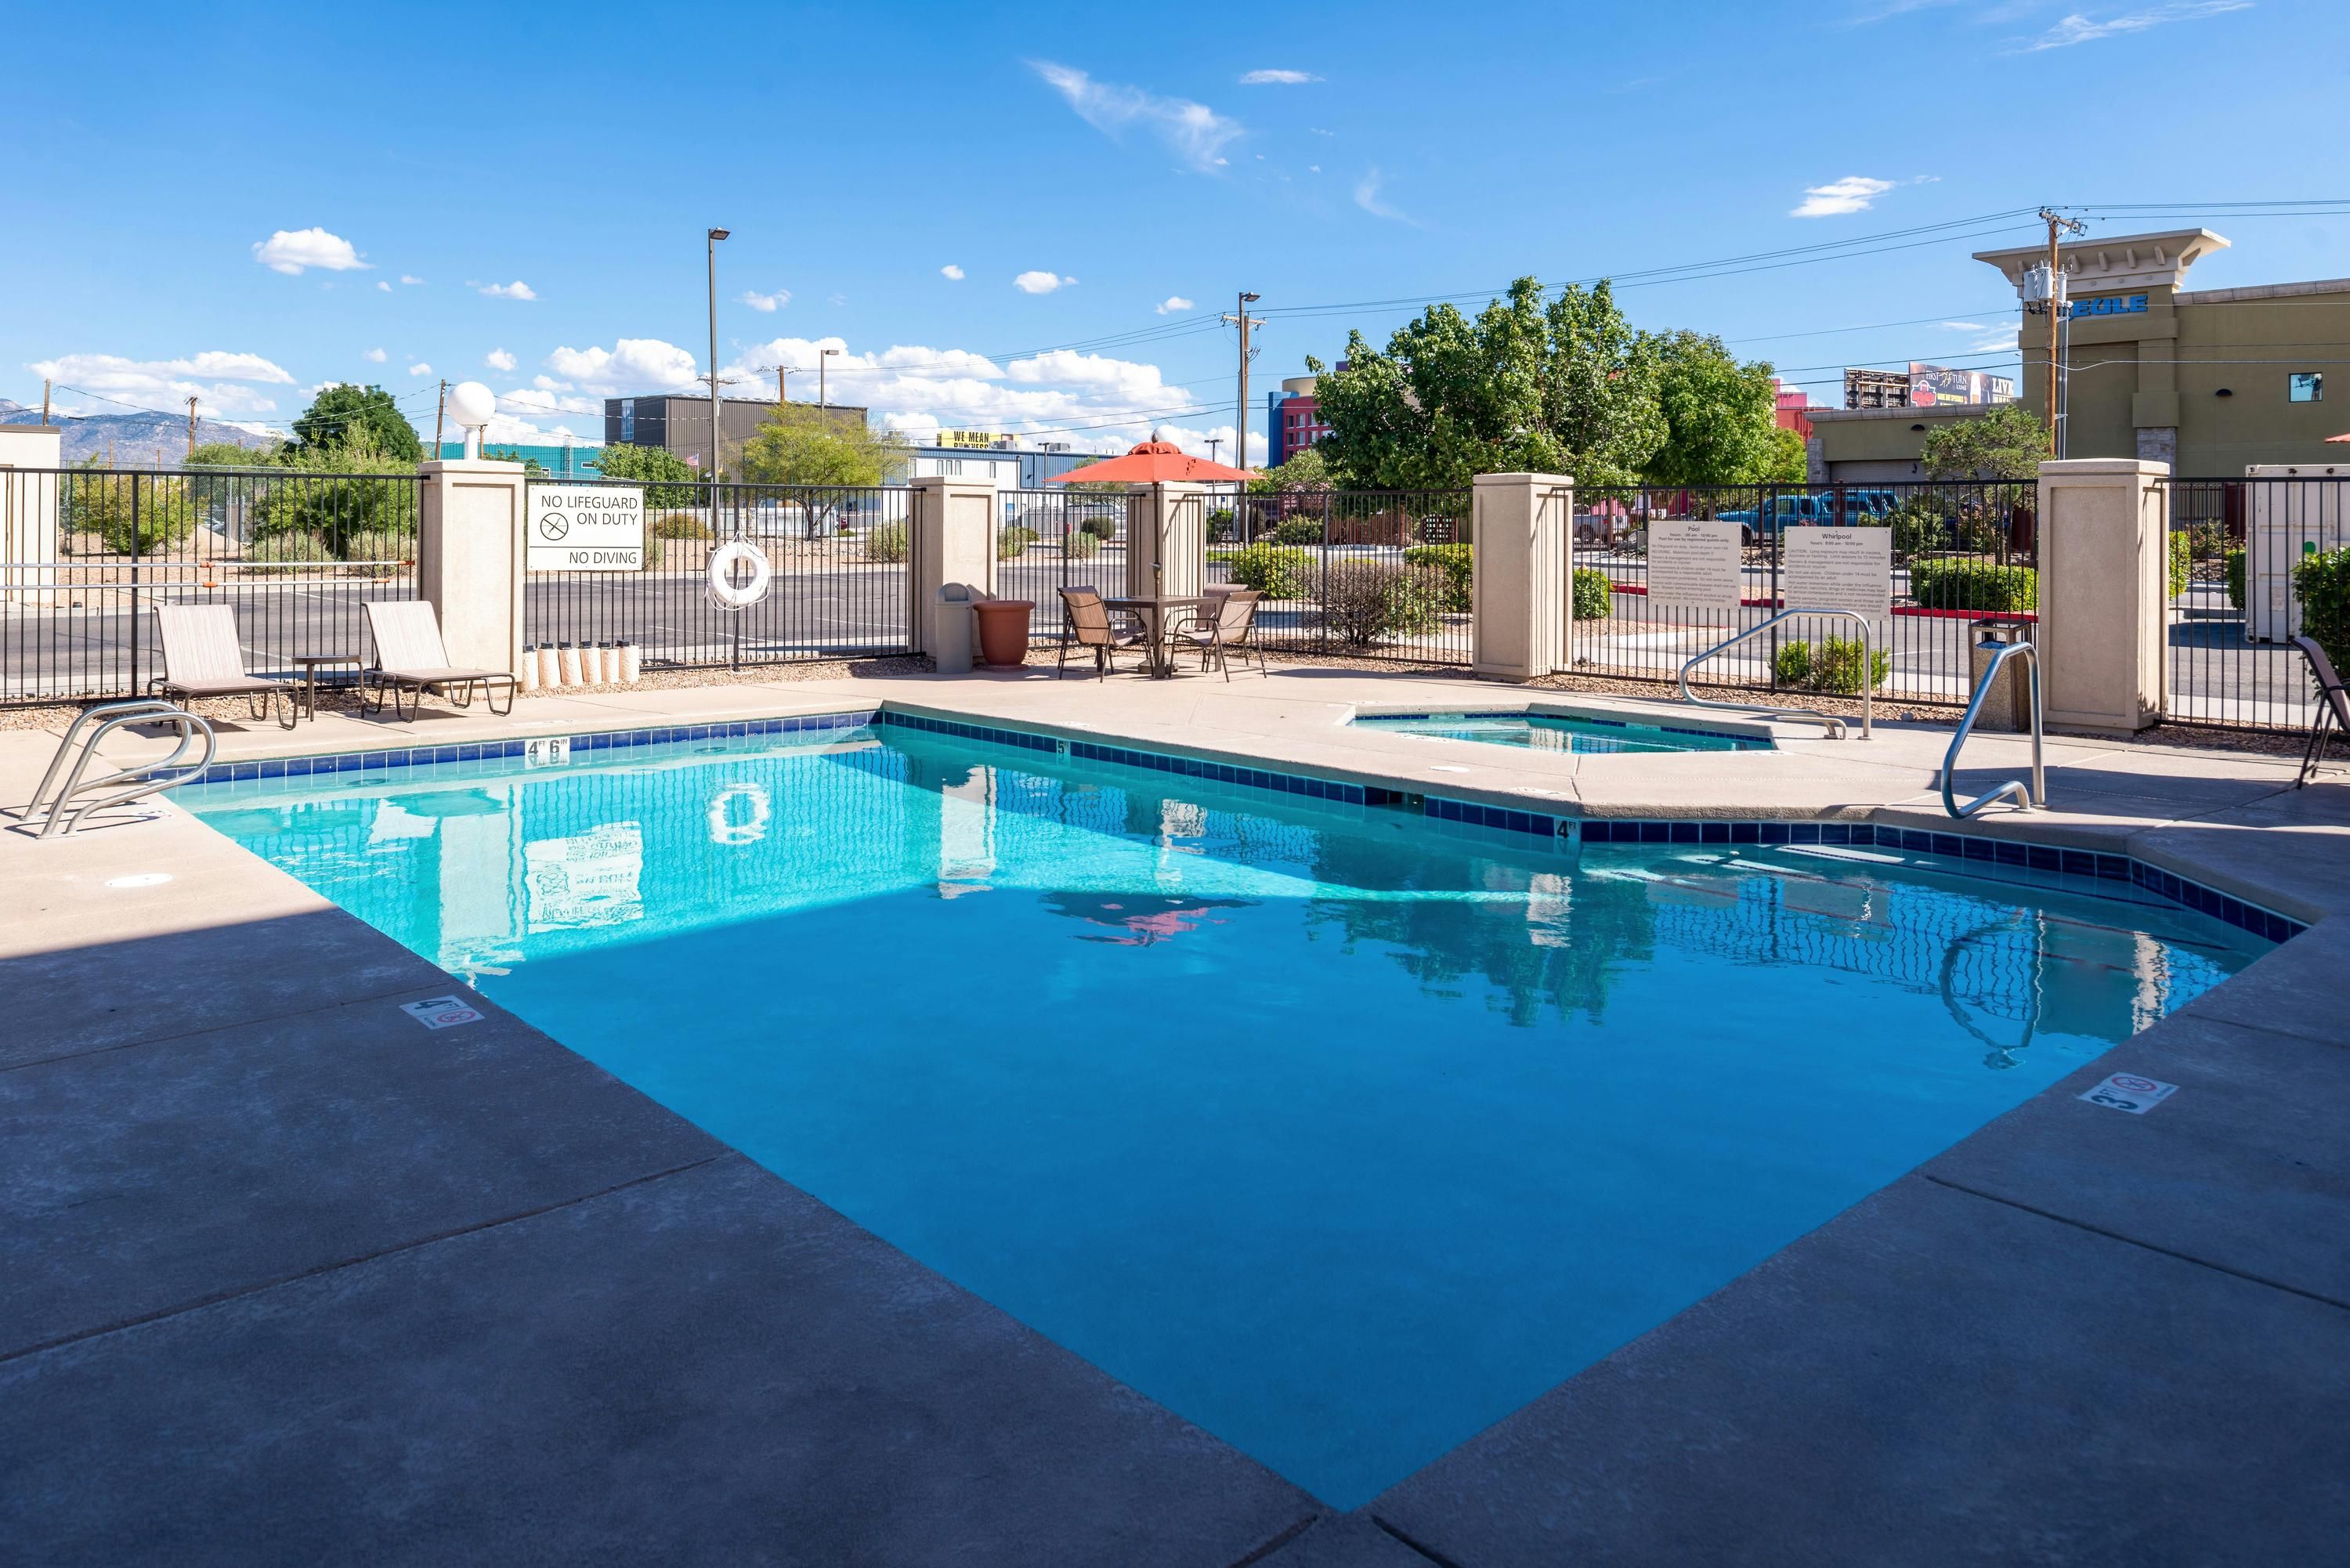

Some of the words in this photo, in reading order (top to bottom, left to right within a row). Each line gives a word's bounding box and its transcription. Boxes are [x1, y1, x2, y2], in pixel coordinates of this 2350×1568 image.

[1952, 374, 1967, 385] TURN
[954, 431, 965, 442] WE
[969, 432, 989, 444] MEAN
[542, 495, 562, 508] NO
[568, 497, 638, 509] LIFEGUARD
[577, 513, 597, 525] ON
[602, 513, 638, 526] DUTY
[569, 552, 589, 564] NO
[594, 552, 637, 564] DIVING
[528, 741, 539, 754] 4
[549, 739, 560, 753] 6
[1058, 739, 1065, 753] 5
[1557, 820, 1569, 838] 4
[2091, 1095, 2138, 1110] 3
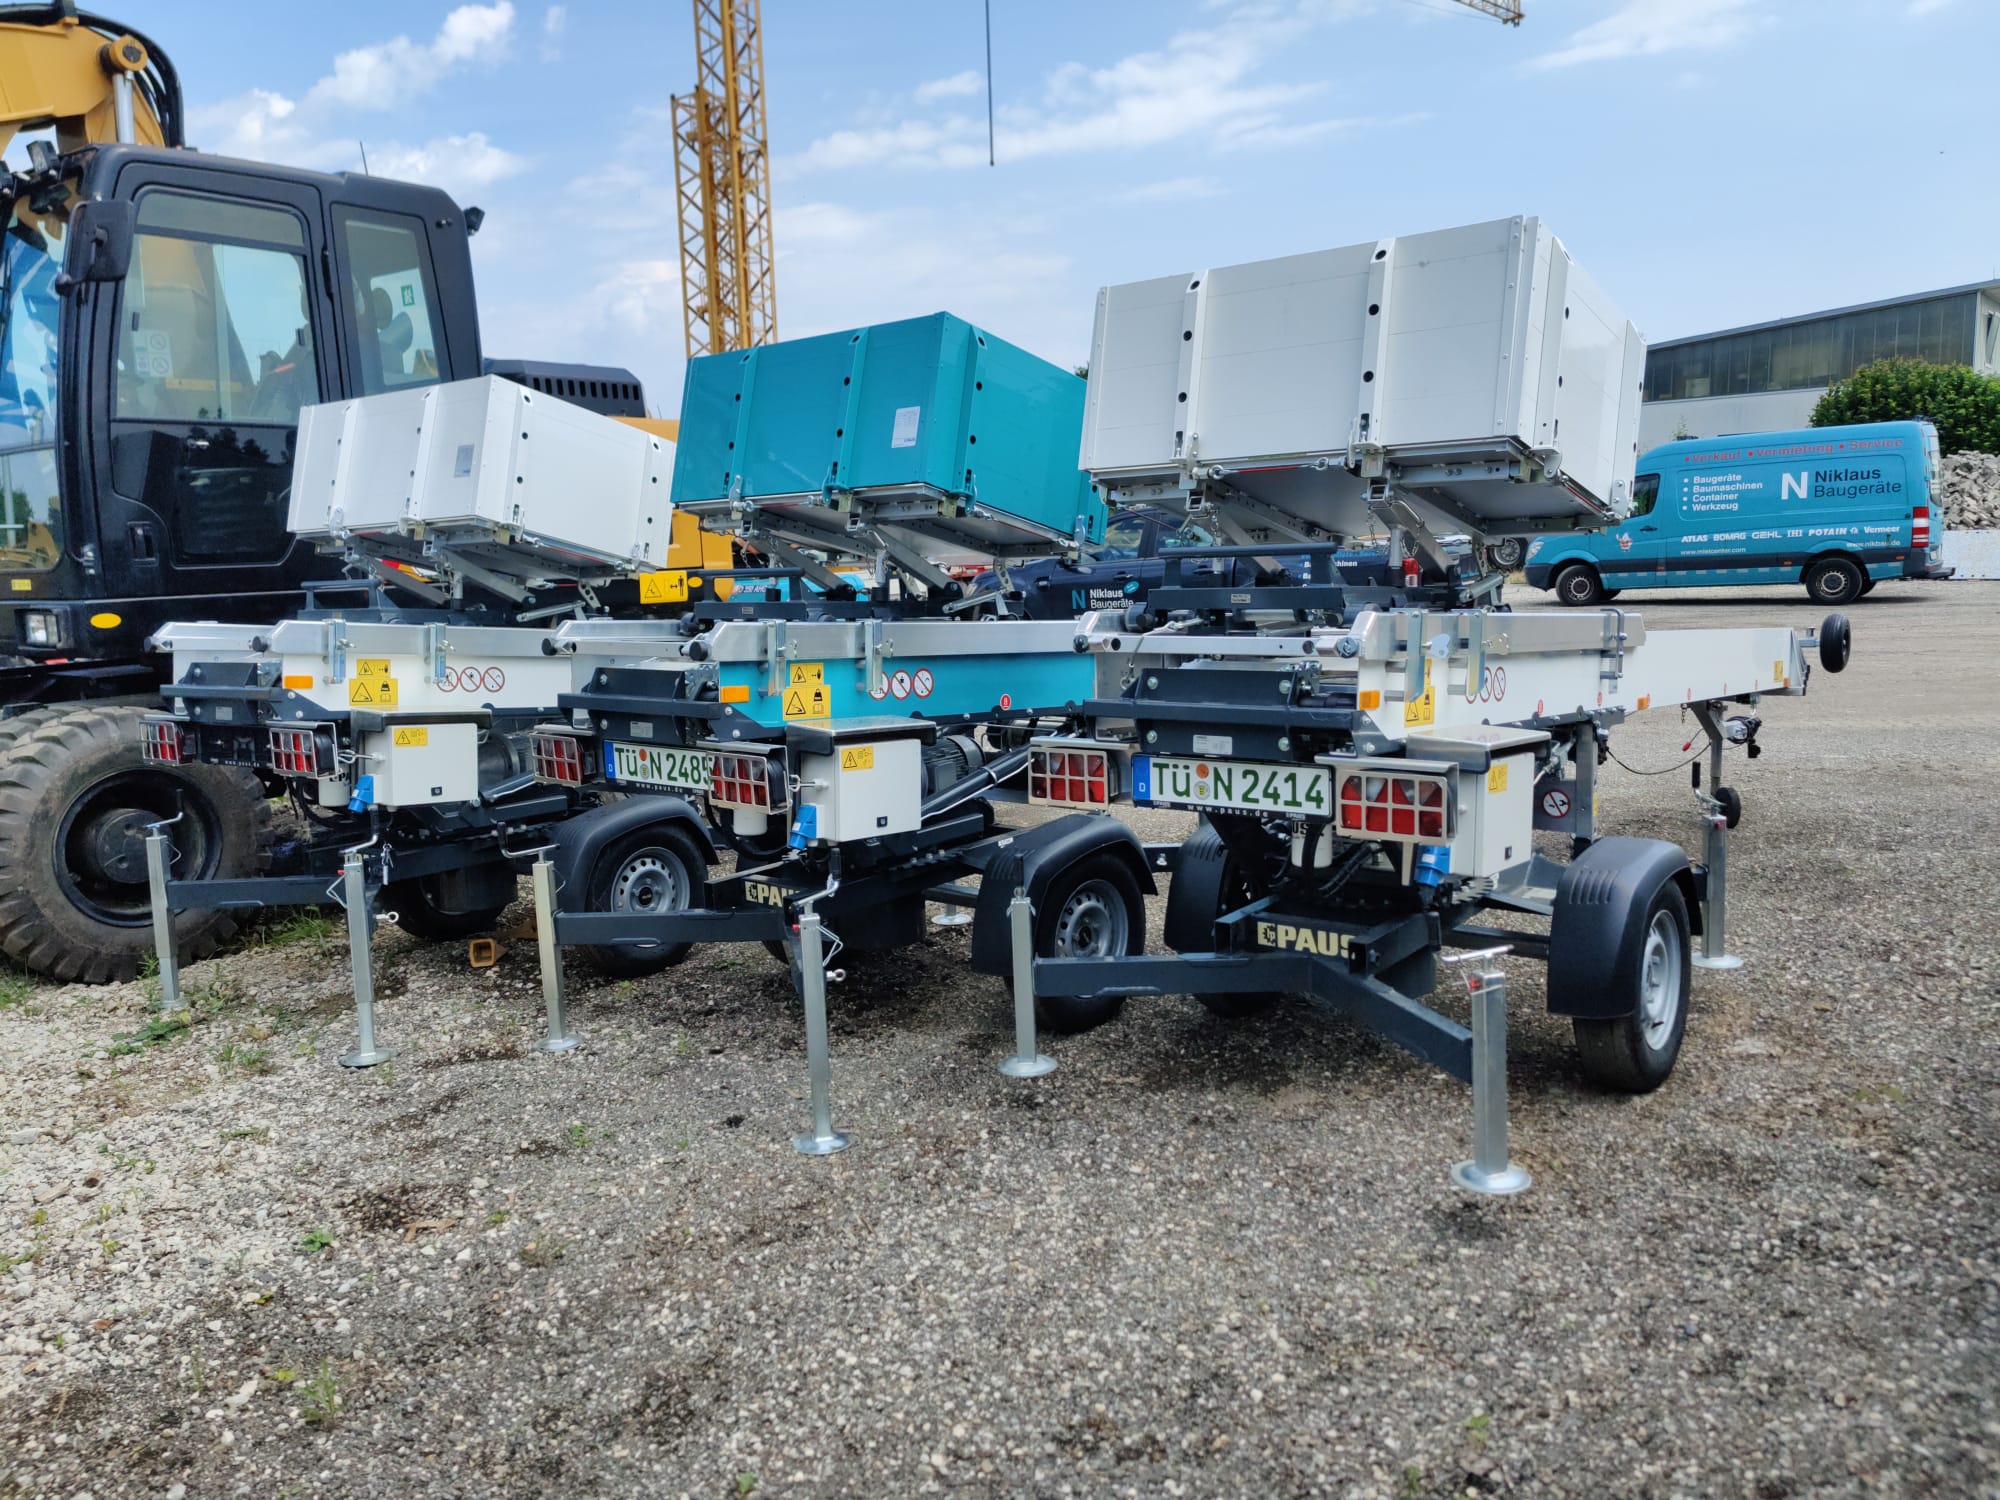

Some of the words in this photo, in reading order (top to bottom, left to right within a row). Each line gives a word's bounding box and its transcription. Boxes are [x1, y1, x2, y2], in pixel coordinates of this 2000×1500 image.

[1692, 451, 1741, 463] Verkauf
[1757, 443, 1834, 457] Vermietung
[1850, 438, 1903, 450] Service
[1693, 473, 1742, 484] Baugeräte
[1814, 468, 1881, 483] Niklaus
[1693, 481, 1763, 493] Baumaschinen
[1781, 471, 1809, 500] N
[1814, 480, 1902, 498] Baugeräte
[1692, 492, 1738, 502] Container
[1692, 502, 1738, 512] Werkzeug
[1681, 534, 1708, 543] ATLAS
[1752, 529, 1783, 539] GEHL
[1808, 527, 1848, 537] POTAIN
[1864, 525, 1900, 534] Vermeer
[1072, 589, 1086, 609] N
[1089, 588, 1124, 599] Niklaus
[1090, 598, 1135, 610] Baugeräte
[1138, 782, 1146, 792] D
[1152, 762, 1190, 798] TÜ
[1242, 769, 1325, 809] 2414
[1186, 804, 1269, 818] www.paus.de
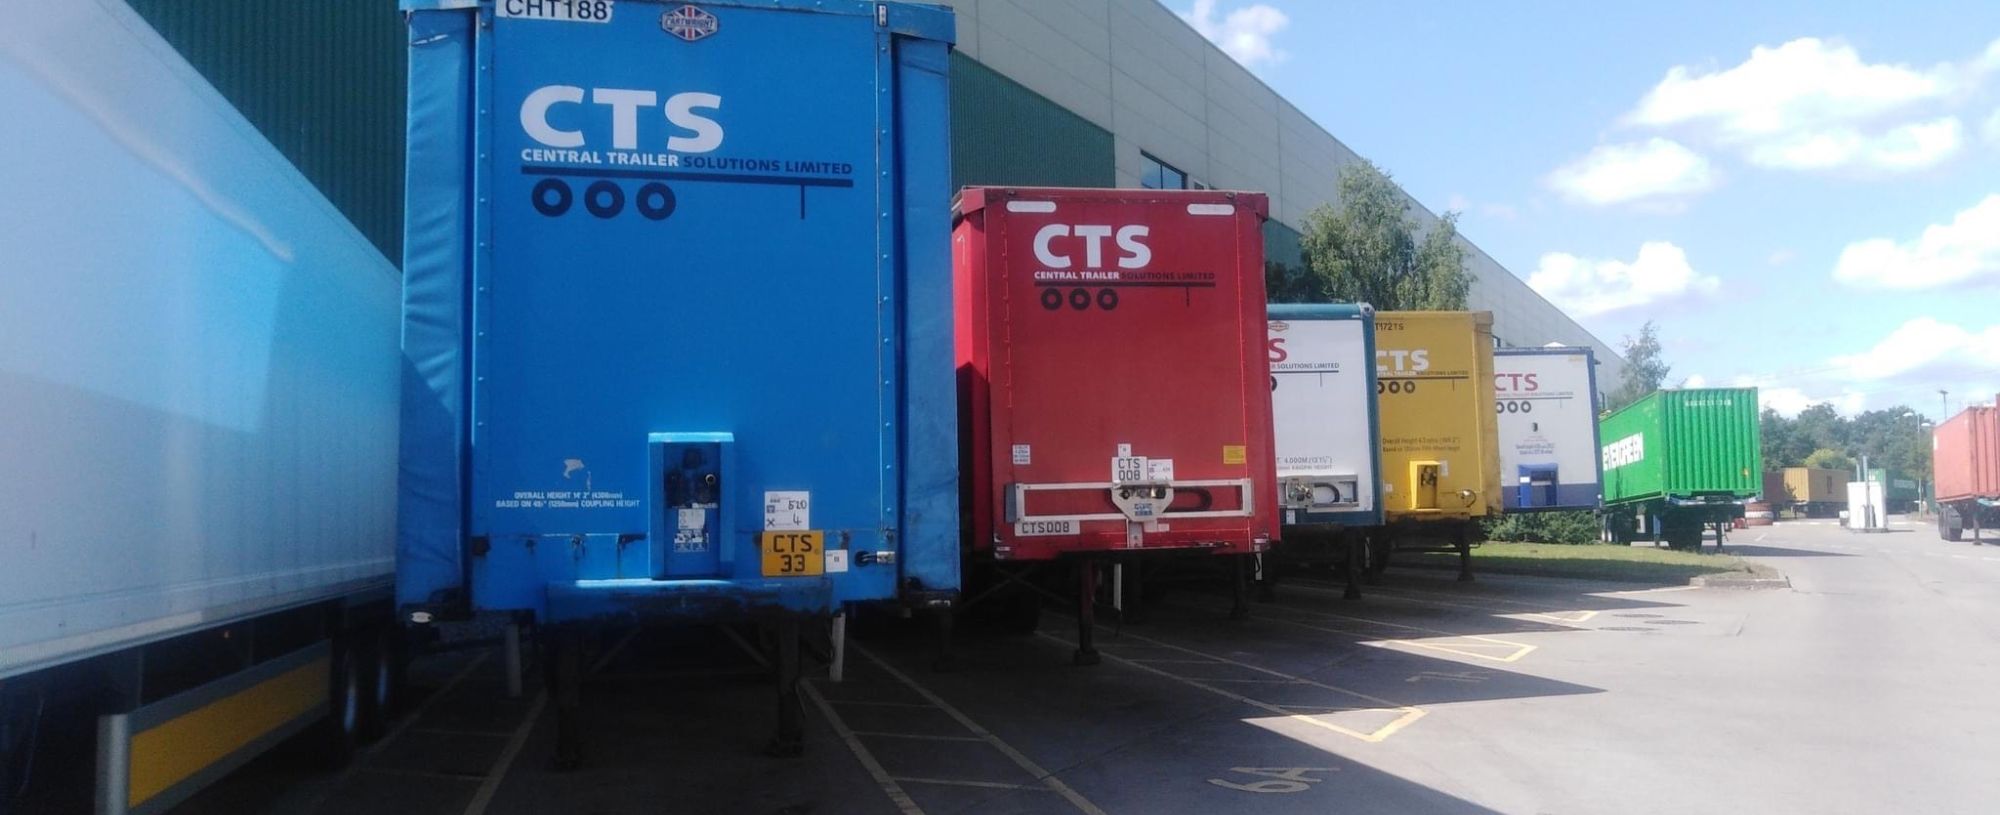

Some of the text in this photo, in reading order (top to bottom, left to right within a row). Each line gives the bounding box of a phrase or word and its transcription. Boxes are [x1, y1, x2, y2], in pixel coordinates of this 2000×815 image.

==============================

Leave out the pictures and give the rest of the records again exactly.

Answer to the problem:
Some of the words in this photo, in reading order (top to bottom, left to right within a row). Each line gives a word's bounding box and its transcription. Boxes are [x1, y1, x2, y2], in pixel coordinates of this 2350×1568 image.

[1952, 374, 1967, 385] TURN
[954, 431, 965, 442] WE
[969, 432, 989, 444] MEAN
[542, 495, 562, 508] NO
[568, 497, 638, 509] LIFEGUARD
[577, 513, 597, 525] ON
[602, 513, 638, 526] DUTY
[569, 552, 589, 564] NO
[594, 552, 637, 564] DIVING
[528, 741, 539, 754] 4
[549, 739, 560, 753] 6
[1058, 739, 1065, 753] 5
[1557, 820, 1569, 838] 4
[2091, 1095, 2138, 1110] 3

Some of the words in this photo, in reading order (top to bottom, left to right within a row). Each line gives a word's bounding box and its transcription. Boxes are [x1, y1, x2, y2], in pixel coordinates of this 2000×1500 image.

[1692, 451, 1741, 463] Verkauf
[1757, 443, 1834, 457] Vermietung
[1850, 438, 1903, 450] Service
[1693, 473, 1742, 484] Baugeräte
[1814, 468, 1881, 483] Niklaus
[1693, 481, 1763, 493] Baumaschinen
[1781, 471, 1809, 500] N
[1814, 480, 1902, 498] Baugeräte
[1692, 492, 1738, 502] Container
[1692, 502, 1738, 512] Werkzeug
[1681, 534, 1708, 543] ATLAS
[1752, 529, 1783, 539] GEHL
[1808, 527, 1848, 537] POTAIN
[1864, 525, 1900, 534] Vermeer
[1072, 589, 1086, 609] N
[1089, 588, 1124, 599] Niklaus
[1090, 598, 1135, 610] Baugeräte
[1138, 782, 1146, 792] D
[1152, 762, 1190, 798] TÜ
[1242, 769, 1325, 809] 2414
[1186, 804, 1269, 818] www.paus.de

Some of the text in this photo, in reading order (top to bottom, left to right within a row). Each line gives the bounding box of a phrase or word and its transcription. Boxes are [x1, y1, x2, y2], in pixel coordinates of this 2000×815 image.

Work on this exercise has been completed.